My question is, how best to make Json.NET parse that date string and come up with a DateTime of 2015-10-19 17:40:15 UTC. I can write a custom JsonConverter to hijack the value and manipulate it manually, but I was wondering if there is a more native method.
I have tried changing the JsonSerializerSettings DateTimeZoneHandling property to all its different values. Setting it to Utc just ignores the time zone offset, yielding 2015-10-20 00:40:15. Setting it to Local, Unspecified, or RoundtripKind all yield 2015-10-19 20:40:15, which I believe is because my local timezone is UTC-4, so it is trying to apply that adjustment to the main date value of 2015-10-20 00:40.
I also considered using the DateFormatString property to represent the expected date string format.
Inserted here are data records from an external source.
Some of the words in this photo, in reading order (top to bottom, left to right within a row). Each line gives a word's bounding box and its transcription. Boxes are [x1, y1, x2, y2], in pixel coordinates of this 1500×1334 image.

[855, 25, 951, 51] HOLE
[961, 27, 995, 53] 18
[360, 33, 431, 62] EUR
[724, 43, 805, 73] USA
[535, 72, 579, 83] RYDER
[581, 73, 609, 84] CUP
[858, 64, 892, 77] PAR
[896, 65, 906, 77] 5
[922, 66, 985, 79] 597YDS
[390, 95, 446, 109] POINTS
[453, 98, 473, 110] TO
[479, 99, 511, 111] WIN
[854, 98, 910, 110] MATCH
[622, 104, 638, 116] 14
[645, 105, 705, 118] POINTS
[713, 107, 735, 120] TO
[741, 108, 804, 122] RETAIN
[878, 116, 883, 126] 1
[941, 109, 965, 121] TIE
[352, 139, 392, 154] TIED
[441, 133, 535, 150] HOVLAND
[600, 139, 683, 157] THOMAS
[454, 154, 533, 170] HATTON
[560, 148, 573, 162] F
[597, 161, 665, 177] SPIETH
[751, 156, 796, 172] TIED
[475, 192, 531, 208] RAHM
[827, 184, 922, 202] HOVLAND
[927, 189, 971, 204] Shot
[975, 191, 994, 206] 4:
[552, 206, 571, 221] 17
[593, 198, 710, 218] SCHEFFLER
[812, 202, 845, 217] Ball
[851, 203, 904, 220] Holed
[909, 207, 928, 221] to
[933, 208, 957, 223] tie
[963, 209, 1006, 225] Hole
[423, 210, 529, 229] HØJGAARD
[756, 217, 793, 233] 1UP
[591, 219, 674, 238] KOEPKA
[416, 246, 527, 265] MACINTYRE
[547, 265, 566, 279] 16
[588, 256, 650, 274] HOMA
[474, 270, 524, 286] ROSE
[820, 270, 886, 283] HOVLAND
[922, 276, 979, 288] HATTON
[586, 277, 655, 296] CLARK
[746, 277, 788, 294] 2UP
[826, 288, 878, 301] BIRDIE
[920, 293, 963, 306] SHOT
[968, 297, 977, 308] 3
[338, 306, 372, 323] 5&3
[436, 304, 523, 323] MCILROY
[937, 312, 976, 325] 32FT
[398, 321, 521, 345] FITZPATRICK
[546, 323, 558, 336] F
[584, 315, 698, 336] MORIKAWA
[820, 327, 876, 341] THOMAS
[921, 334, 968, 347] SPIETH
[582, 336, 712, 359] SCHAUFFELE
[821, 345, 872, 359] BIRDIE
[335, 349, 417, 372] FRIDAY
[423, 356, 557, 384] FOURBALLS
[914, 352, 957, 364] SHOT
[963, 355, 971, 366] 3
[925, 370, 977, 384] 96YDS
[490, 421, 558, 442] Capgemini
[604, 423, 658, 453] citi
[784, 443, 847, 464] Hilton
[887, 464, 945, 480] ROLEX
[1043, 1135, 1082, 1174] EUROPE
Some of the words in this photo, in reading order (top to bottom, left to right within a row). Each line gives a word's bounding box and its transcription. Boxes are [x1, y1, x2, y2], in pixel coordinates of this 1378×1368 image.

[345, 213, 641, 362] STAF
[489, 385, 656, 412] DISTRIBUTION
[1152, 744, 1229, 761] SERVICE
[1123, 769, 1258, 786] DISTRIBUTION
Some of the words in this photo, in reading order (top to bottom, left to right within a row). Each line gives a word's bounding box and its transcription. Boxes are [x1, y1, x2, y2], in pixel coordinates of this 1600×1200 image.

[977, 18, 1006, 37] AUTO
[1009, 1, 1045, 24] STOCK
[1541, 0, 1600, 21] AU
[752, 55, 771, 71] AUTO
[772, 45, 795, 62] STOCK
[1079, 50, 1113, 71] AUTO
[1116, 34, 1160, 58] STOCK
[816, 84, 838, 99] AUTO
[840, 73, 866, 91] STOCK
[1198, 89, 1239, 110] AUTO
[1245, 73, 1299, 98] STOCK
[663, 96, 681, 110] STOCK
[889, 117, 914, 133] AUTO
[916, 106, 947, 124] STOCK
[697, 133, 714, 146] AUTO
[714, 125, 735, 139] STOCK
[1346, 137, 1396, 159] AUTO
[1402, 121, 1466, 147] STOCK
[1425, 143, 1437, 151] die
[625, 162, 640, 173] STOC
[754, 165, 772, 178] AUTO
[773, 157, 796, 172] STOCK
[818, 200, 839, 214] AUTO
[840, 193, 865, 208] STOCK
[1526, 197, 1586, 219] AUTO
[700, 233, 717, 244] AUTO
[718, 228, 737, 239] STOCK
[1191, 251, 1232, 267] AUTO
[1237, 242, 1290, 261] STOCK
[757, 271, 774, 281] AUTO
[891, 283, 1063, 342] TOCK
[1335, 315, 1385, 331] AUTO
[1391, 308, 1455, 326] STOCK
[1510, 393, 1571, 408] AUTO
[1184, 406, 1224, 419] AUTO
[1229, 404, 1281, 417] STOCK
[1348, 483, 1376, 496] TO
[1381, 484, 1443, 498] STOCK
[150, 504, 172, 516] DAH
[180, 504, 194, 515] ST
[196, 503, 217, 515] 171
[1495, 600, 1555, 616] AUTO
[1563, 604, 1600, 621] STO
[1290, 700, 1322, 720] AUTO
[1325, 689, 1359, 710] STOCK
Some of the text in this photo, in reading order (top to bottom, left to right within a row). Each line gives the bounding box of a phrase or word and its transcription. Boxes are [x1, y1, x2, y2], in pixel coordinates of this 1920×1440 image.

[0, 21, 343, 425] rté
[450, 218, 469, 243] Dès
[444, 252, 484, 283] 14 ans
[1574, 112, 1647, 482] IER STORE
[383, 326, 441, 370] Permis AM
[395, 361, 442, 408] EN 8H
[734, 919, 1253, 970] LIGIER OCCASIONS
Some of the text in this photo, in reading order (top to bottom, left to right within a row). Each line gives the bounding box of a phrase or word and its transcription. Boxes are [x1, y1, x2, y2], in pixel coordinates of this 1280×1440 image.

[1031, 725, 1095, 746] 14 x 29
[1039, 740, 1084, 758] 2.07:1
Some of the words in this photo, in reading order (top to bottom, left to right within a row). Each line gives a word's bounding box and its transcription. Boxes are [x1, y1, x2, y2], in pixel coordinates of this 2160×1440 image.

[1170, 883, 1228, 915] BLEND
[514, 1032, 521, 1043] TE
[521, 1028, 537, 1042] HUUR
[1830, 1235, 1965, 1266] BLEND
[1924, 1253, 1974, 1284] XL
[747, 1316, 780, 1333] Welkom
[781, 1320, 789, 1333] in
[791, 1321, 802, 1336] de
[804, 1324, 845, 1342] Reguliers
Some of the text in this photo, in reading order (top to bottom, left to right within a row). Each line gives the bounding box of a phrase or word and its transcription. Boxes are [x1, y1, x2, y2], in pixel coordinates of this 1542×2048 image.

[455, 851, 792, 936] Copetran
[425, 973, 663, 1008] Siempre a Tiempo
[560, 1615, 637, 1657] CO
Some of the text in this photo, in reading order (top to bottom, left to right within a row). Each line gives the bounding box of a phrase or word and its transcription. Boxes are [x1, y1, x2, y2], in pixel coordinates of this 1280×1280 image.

But I could not find the right format string characters to represent this epochtime-offset format.
Here's a simplified example:
Person person;
string json = @"{ 'Name': 'John',
'LastSeen':'/Date(1445301615000-0700)/' }"; // 1445301615000 = 2015-10-20 00:40:15
person = JsonConvert.DeserializeObject<Person>(json);
Console.WriteLine(person.LastSeen); // 10/19/2015 8:40:15 PM Kind = Local
person = JsonConvert.DeserializeObject<Person>(json, new JsonSerializerSettings { DateFormatHandling = DateFormatHandling.MicrosoftDateFormat });
Console.WriteLine(person.LastSeen); // 10/19/2015 8:40:15 PM Kind = Local
person = JsonConvert.DeserializeObject<Person>(json, new JsonSerializerSettings { DateTimeZoneHandling = DateTimeZoneHandling.Utc });
Console.WriteLine(person.LastSeen); // 10/20/2015 00:40:15 PM Kind = Utc
// In all three, the -0700 portion is being ignored. I'd like person.LastSeen to be 10/19/2015 17:40:15.
Again, I could just know that the API is going to give me UTC+7 and do the adjustment myself to get real UTC. But I wondered if Json.NET has a native way to handle this type of date string.